O longa narra a história das irmãs March – Jo (Saoirse Ronan), Meg (Emma Watson), Amy (Florence Pugh) e Beth (Eliza Scanlen). Filhas de Marmee March (Laura Dern), as quatro vivem suas vidas normais e sem grandes luxos enquanto os Estados Unidos passam pela Guerra da Secessão. Ligadas de alguma forma ao mundo artístico, as irmãs aguardam o retorno do pai (Bob Odenkirk), precisam lidar com o adoecimento de Beth e enfrentam os dilemas do amor. A narrativa, dividida em dois períodos: o auge da adolescência e o início da vida adulta, nos permite ter uma noção de como as mulheres daquela época lidavam com temas como arte, comércio, casamento, solidão e, principalmente, identidade e independência.
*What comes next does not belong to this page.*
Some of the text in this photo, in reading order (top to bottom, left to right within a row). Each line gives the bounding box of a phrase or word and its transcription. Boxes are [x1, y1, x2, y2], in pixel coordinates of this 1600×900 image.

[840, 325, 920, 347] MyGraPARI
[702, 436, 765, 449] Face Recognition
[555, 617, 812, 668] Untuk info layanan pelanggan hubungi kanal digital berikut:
Greta Gerwing é, sem dúvidas, um dos principais nomes femininos em se tratando de direção. Aclamada pela crítica e indicada ao Oscar em 2018 por Lady Bird, a diretora traz uma nova cara à obra baseada no livro de Louisa May Alcott, que inclusive já foi adaptado várias vezes ao teatro, cinema e TV, sendo mais conhecida a versão de 1995, que também contou com um grande elenco como Susan Sarandon, Kirsten Dunst, Claire Danes, Christian Bale e Winona Ryder. A nova versão também traz nomes importantes como Laura Dern (cotadíssima a vencer o Oscar esse ano, porém por outro filme), Bob Odenkirk (Better Call Saul), Emma Watson (nossa eterna Hermione da saga Harry Potter), Timothée Chalamet (Me Chame pelo seu Nome) e Meryl Streep, interpretando a tia rica e ranzinza, rendendo ótimas cenas à atriz. Porém, Saoirse Ronan é o grande destaque do elenco – aos 25 anos, a atriz já acumula 4 indicações ao Oscar. Sua protagonista consegue defender a ideia do feminismo, ao mesmo tempo que mostra uma evolução do romantismo.
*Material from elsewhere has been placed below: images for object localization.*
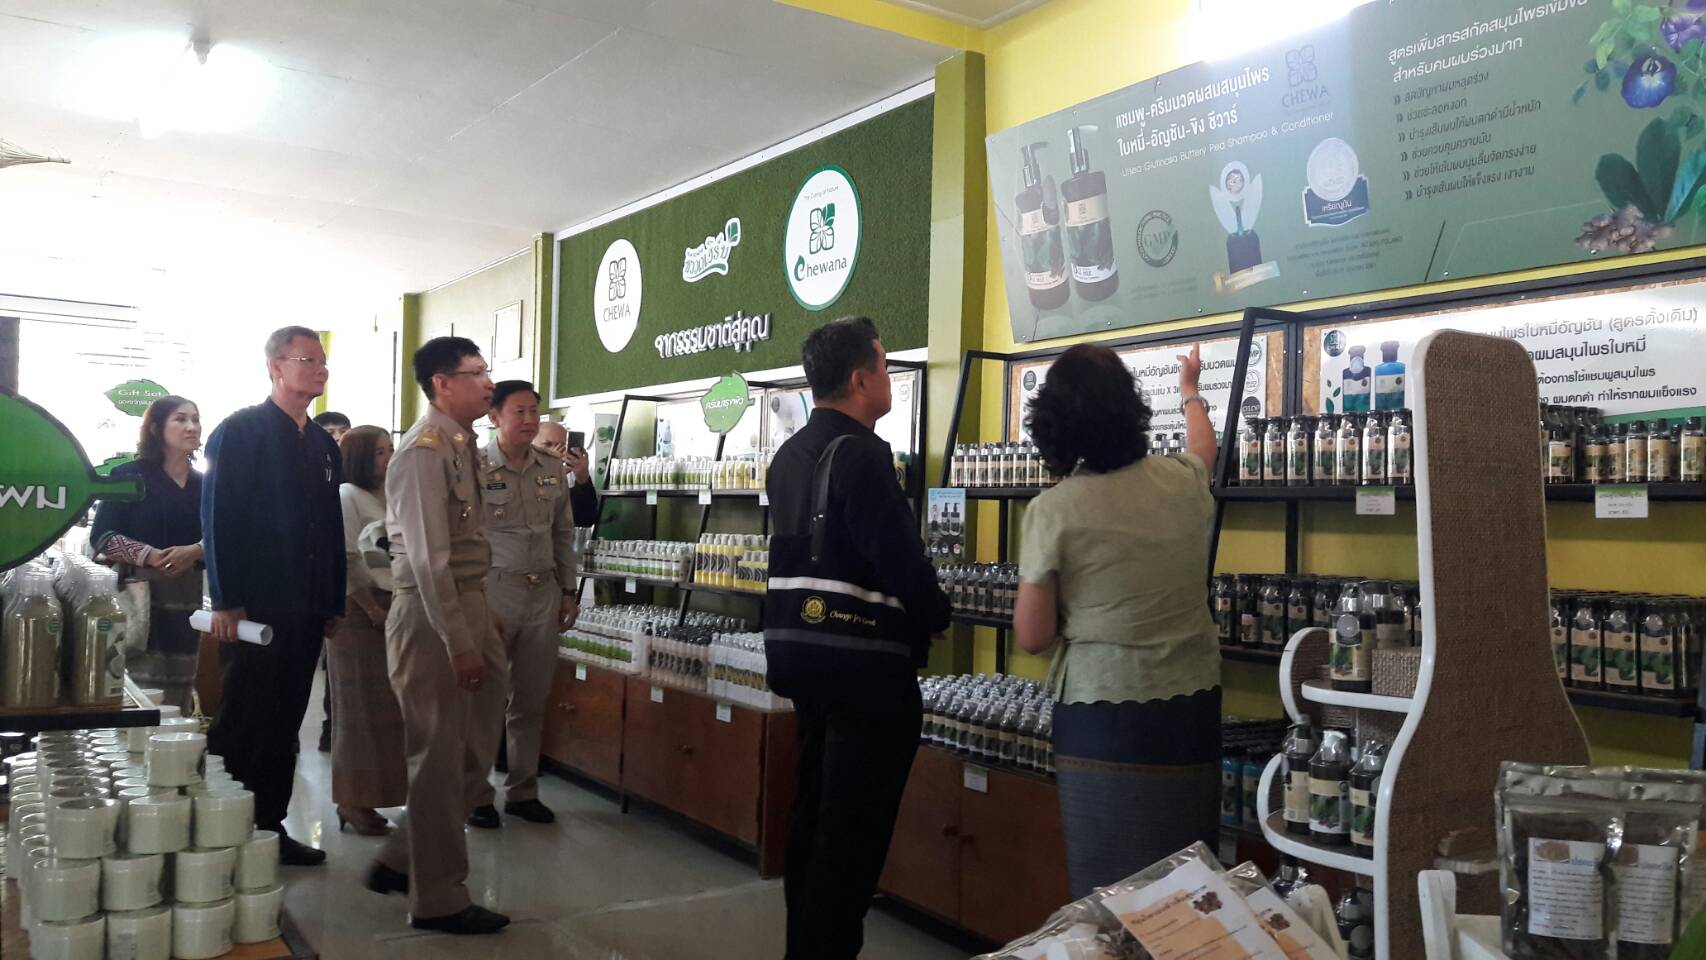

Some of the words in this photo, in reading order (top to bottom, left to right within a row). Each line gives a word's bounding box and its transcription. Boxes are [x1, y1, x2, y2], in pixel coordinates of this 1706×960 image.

[1393, 36, 1523, 83] สำหรับคนผมร่วงมาก
[1115, 66, 1270, 128] แชมพู-ครีมนวดผสมสมุนไพร
[1281, 85, 1330, 108] CHEWA
[1117, 116, 1205, 157] ใบหมี่-อัญชัน-ขิง
[1209, 103, 1238, 130] ชีวาร์
[1209, 141, 1225, 153] Pea
[1228, 130, 1268, 148] Shampoo
[1271, 126, 1279, 136] &
[1281, 111, 1334, 133] Conditioner
[603, 307, 631, 322] CHEWA
[1609, 306, 1698, 332] (สูตรดั้งเดิม)
[655, 311, 771, 358] จากธรรมชาติสู่คุณ
[118, 389, 140, 397] Gift
[1598, 385, 1697, 402] ทำให้รากผมแข็งแรง
Distanciando-se do modo clássico de adaptações, Gerwig demonstra uma ousadia em seu roteiro ao trazer a narrativa não-linear. No início chega a confundir o espectador, mas com o tempo, a diretora acerta ao demonstrar passado e presente de diferentes formas, por exemplo, as cenas do passado possuem um filtro claro, com cores mais quentes, demonstrando a época alegre das personagens. O presente tem cores mais frias, puxando para o tom azulado, representando a tristeza. O roteiro consegue destacar todas as personagens – cada uma tem seu momento de brilhar. Gerwing conseguiu colocar mais profundidade em suas personalidades, isso é muito interessante. O figurino é outro grande destaque – tudo impecável!

Para mim, o grande trunfo do filme é a inteligência da diretora Greta Gerwing – senti muito a falta dela na categoria de melhor direção. No Oscar 2020, acredito que o filme não tenha grande destaque, infelizmente. Vencer a categoria de figurino não seria uma surpresa.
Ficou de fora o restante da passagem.